[Entries supplied — start]
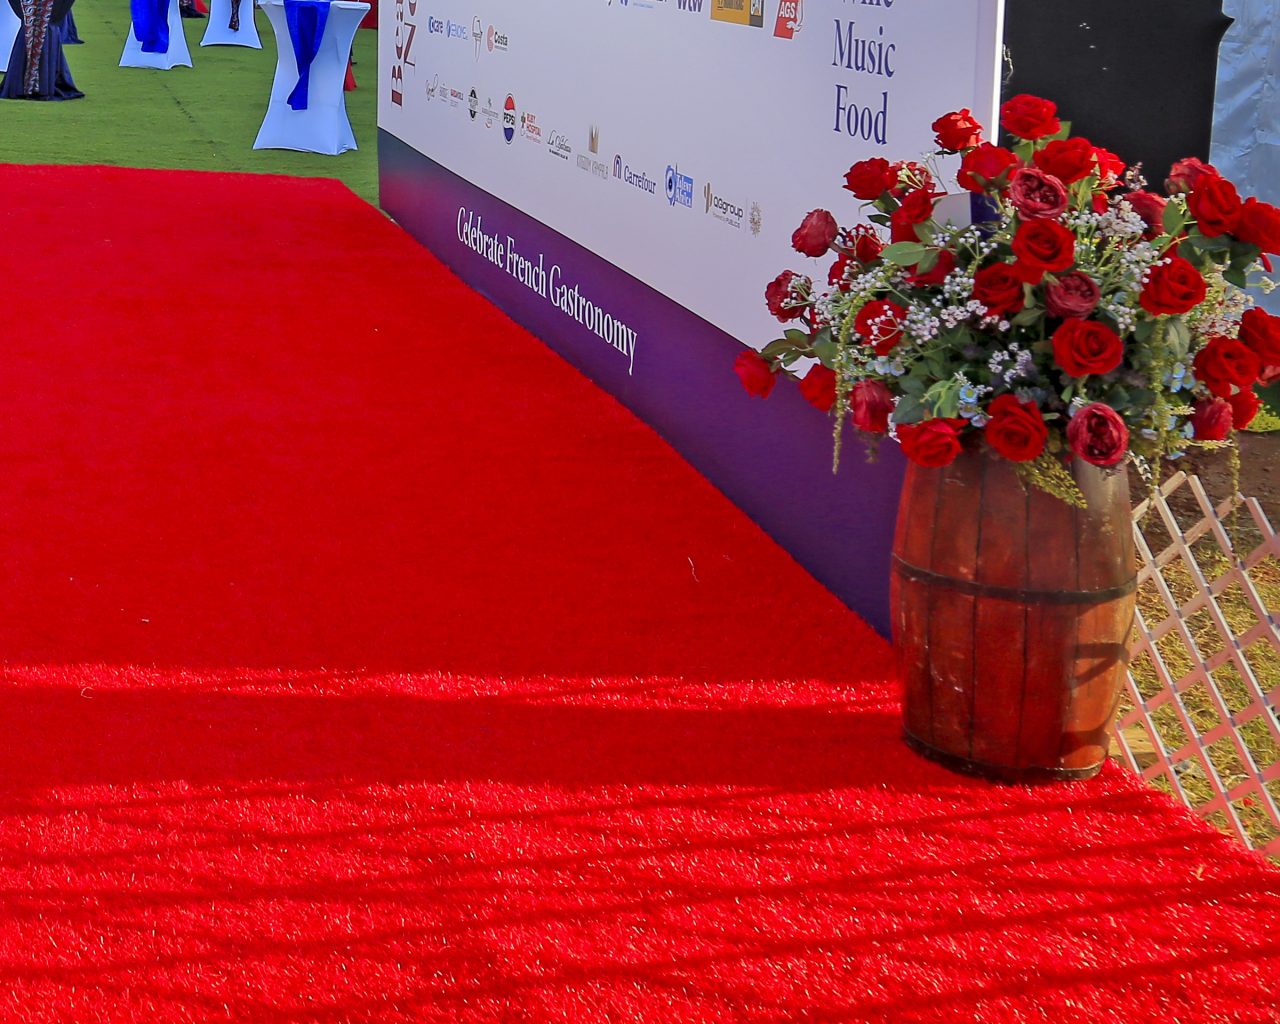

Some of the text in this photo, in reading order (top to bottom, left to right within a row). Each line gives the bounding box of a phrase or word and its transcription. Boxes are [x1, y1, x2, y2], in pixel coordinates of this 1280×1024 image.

[778, 1, 796, 19] AGS
[494, 31, 508, 47] Costa
[832, 19, 896, 77] Music
[503, 112, 515, 125] PEPSI
[833, 84, 888, 145] Food
[624, 165, 656, 195] Carrefour
[457, 206, 638, 376] Celebrate French Gastronomy
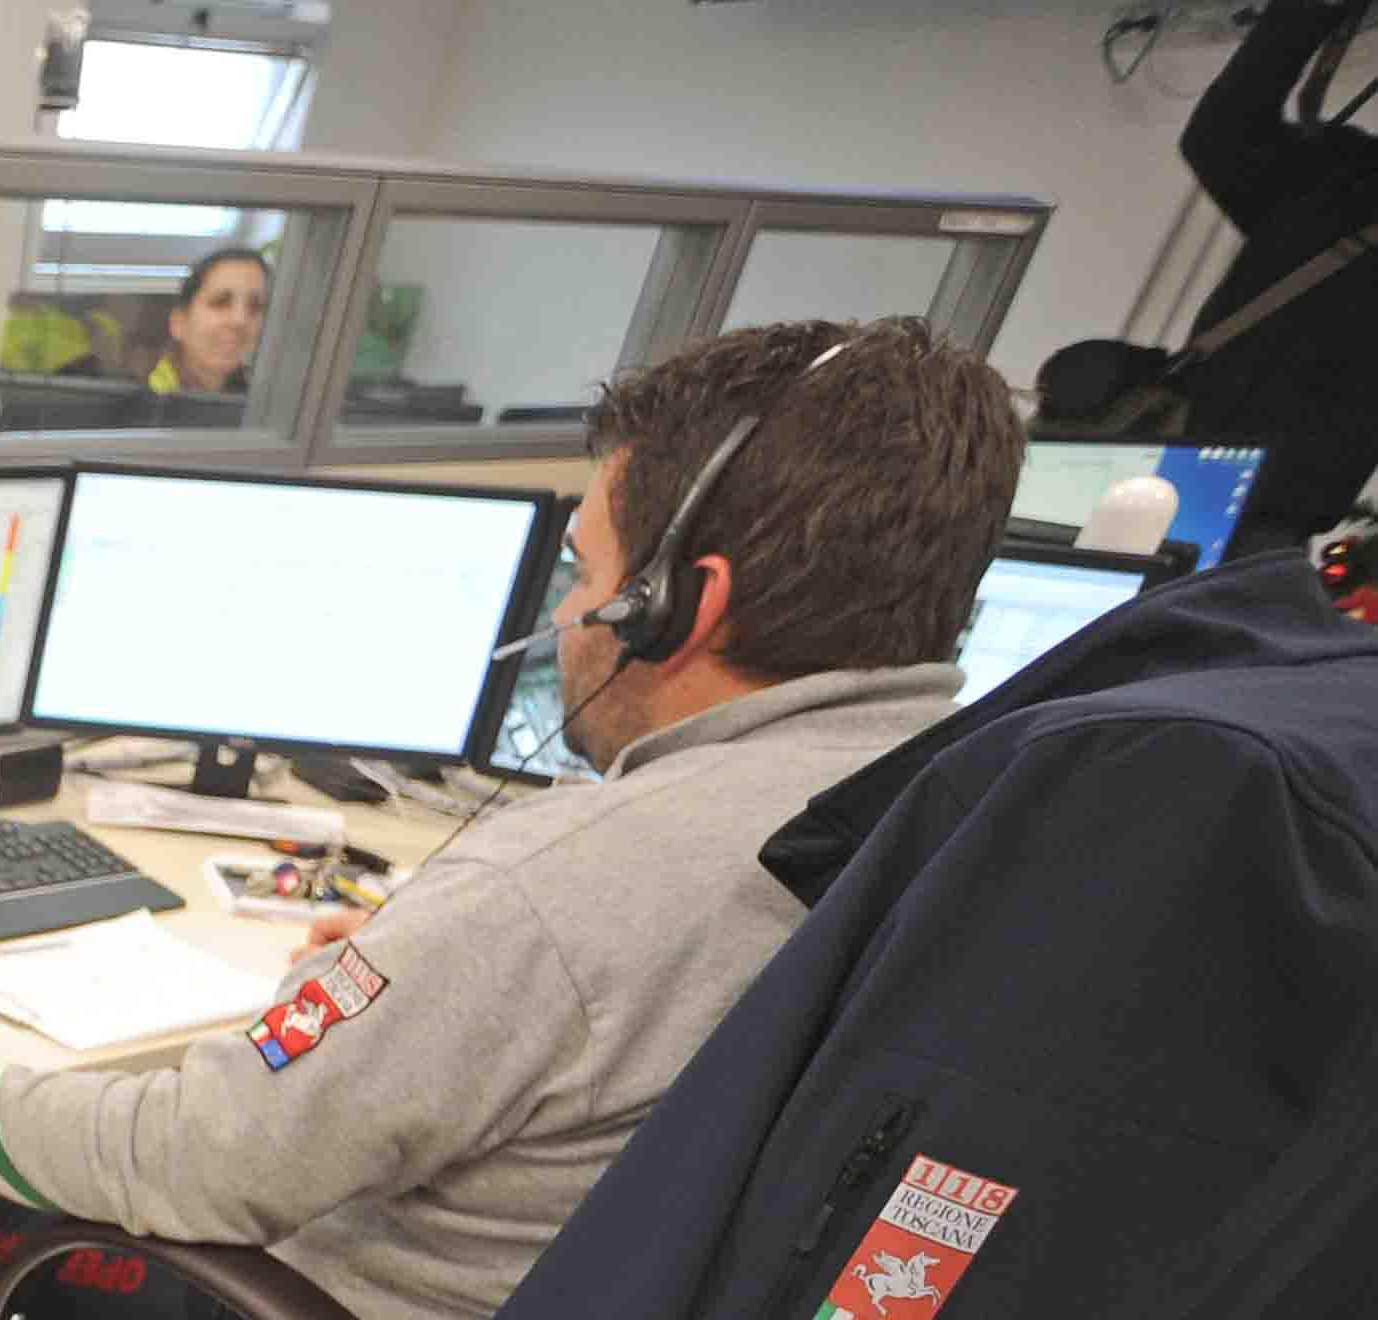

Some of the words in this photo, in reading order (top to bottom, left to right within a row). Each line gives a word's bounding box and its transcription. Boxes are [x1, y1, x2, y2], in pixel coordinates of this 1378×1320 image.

[914, 1163, 1007, 1211] 118
[893, 1205, 975, 1250] TOSCANA
[900, 1189, 989, 1234] REGIONE
[Entries supplied — finish]
**Task directions**
Since only the text is needed, retype the data above exactly and omit the pictures.

**Task output**
Some of the text in this photo, in reading order (top to bottom, left to right within a row). Each line gives the bounding box of a phrase or word and its transcription. Boxes are [x1, y1, x2, y2], in pixel coordinates of this 1280×1024 image.

[778, 1, 796, 19] AGS
[494, 31, 508, 47] Costa
[832, 19, 896, 77] Music
[503, 112, 515, 125] PEPSI
[833, 84, 888, 145] Food
[624, 165, 656, 195] Carrefour
[457, 206, 638, 376] Celebrate French Gastronomy

Some of the words in this photo, in reading order (top to bottom, left to right within a row). Each line gives a word's bounding box and its transcription. Boxes are [x1, y1, x2, y2], in pixel coordinates of this 1378×1320 image.

[914, 1163, 1007, 1211] 118
[893, 1205, 975, 1250] TOSCANA
[900, 1189, 989, 1234] REGIONE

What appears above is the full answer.